Our framework significantly advances glossy and curved surface defect detection by integrating specialized imaging hardware with tailored deep learning models. Using a Basler camera with custom lighting minimizes reflections on glossy surfaces, while a laser displacement sensor with a robotic arm precisely captures curved surfaces—yielding high-quality, reliable data. Beyond technical metrics, our framework also has significant industrial implications. Its deployment in manufacturing could lead to substantial cost savings by reducing defect rates and minimizing downtime, ultimately improving product quality and competitiveness.
For future work, we plan to further optimize and enhance the custom CNN models to achieve higher accuracy while reducing energy consumption.
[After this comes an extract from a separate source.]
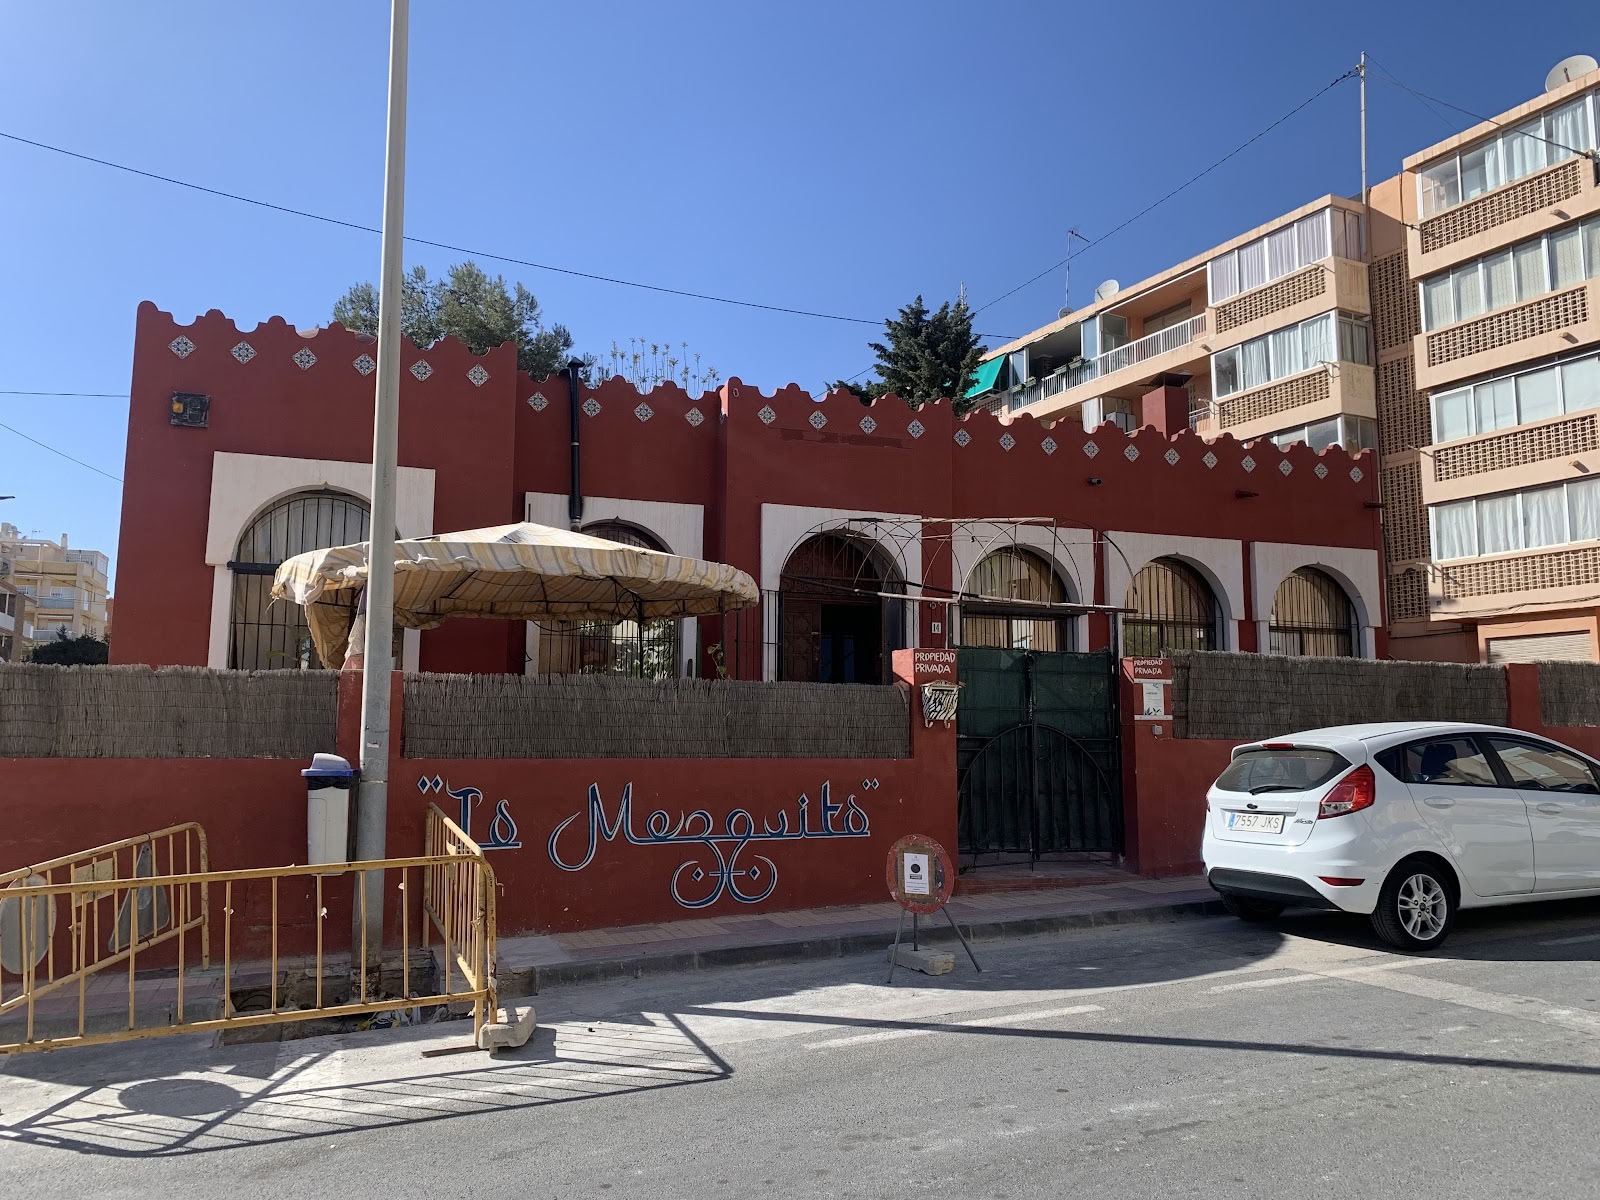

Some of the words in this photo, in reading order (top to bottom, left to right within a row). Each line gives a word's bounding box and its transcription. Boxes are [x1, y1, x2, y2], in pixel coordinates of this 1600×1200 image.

The lag observed in most models can likely be attributed to the high FN rate of the dent class, as indicated by the confusion matrix. This issue is more likely caused by feature overlap with normal surfaces rather than class imbalance. To address this, targeted data augmentation like CLACHE (Contrast Limited Adaptive Histogram Equalization), feature engineering, and loss function modifications can be employed to enhance detection accuracy. In addition, systematic optimization techniques such as grid search and Bayesian optimization can be introduced to fine-tune hyperparameters for improved model performance. Furthermore, we aim to explore federated learning for multi-factory deployment, enabling collaborative, privacy-preserving model training across distributed production sites. We also plan to investigate lightweight model distillation techniques to facilitate real-time, energy-efficient deployment in industrial settings, potentially achievable through fine-tuning the custom CNN.
However, a key limitation of our approach is its reliance on controlled lighting conditions and specific robotic arm configurations. The reliance on controlled lighting conditions may limit the framework’s applicability in environments with no lighting, variable lighting, or uncontrolled lighting, such as outdoor or poorly lit industrial settings. For example, in environments with uncontrolled lighting, the system’s accuracy could drop significantly due to increased reflections and noise. Furthermore, the use of a robotic arm for precise positioning introduces scalability limitations and challenges in integrating with other automated systems. Additionally, its deployment is heavily dependent on expert knowledge, which may restrict widespread adoption. Future work will focus on mitigating these limitations by improving adaptability to diverse lighting conditions and exploring alternative data acquisition methods.